Free-text object descriptions
● ● ●

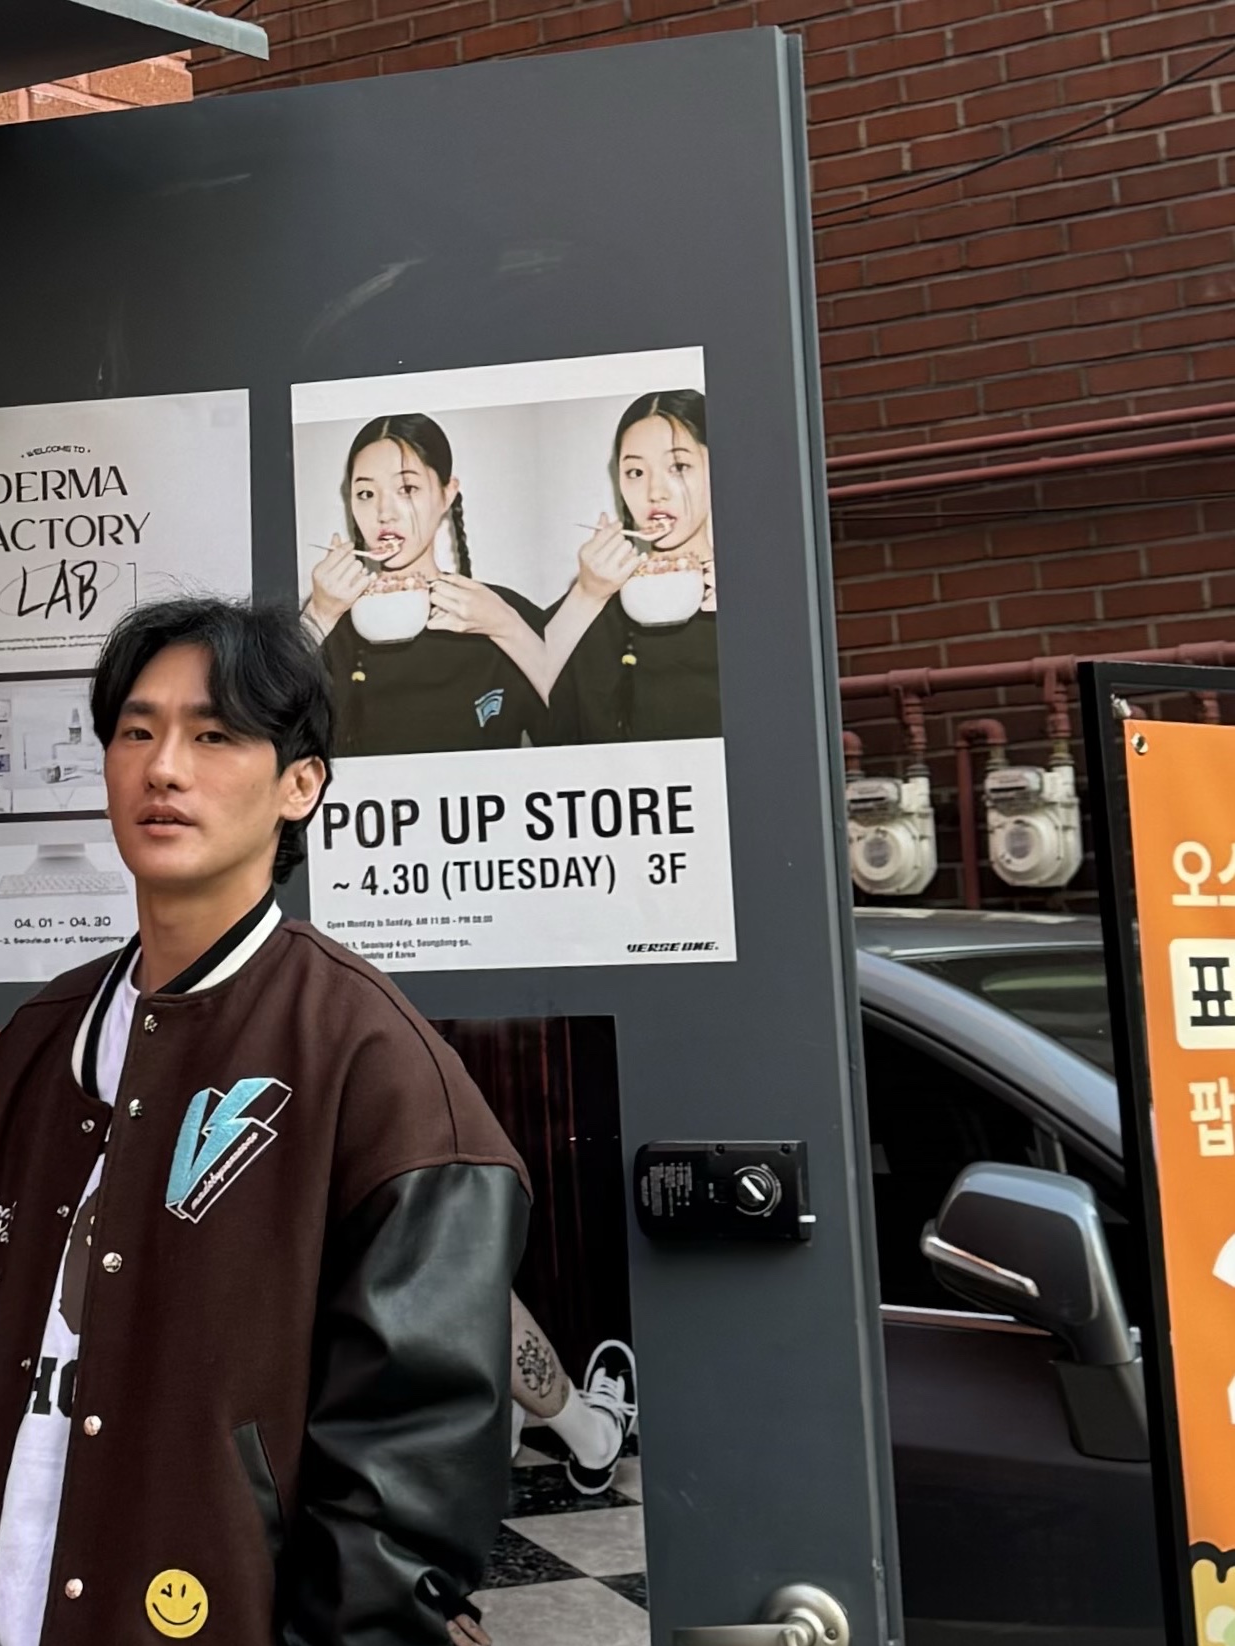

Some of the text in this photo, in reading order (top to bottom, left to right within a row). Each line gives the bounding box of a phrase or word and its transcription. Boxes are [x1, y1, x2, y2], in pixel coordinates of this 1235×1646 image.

[17, 558, 98, 620] LAB
[322, 785, 695, 850] POP UP STORE
[360, 862, 429, 896] 4.30
[442, 853, 616, 900] (TUESDAY)
[647, 852, 687, 885] 3F
[1189, 1076, 1235, 1157] 팝

● ● ●

WHAT IS EXPECTED
All of the records above are to be printed exactly, with every picture omitted.

TASK RESPONSE
Some of the text in this photo, in reading order (top to bottom, left to right within a row). Each line gives the bounding box of a phrase or word and its transcription. Boxes are [x1, y1, x2, y2], in pixel coordinates of this 1235×1646 image.

[17, 558, 98, 620] LAB
[322, 785, 695, 850] POP UP STORE
[360, 862, 429, 896] 4.30
[442, 853, 616, 900] (TUESDAY)
[647, 852, 687, 885] 3F
[1189, 1076, 1235, 1157] 팝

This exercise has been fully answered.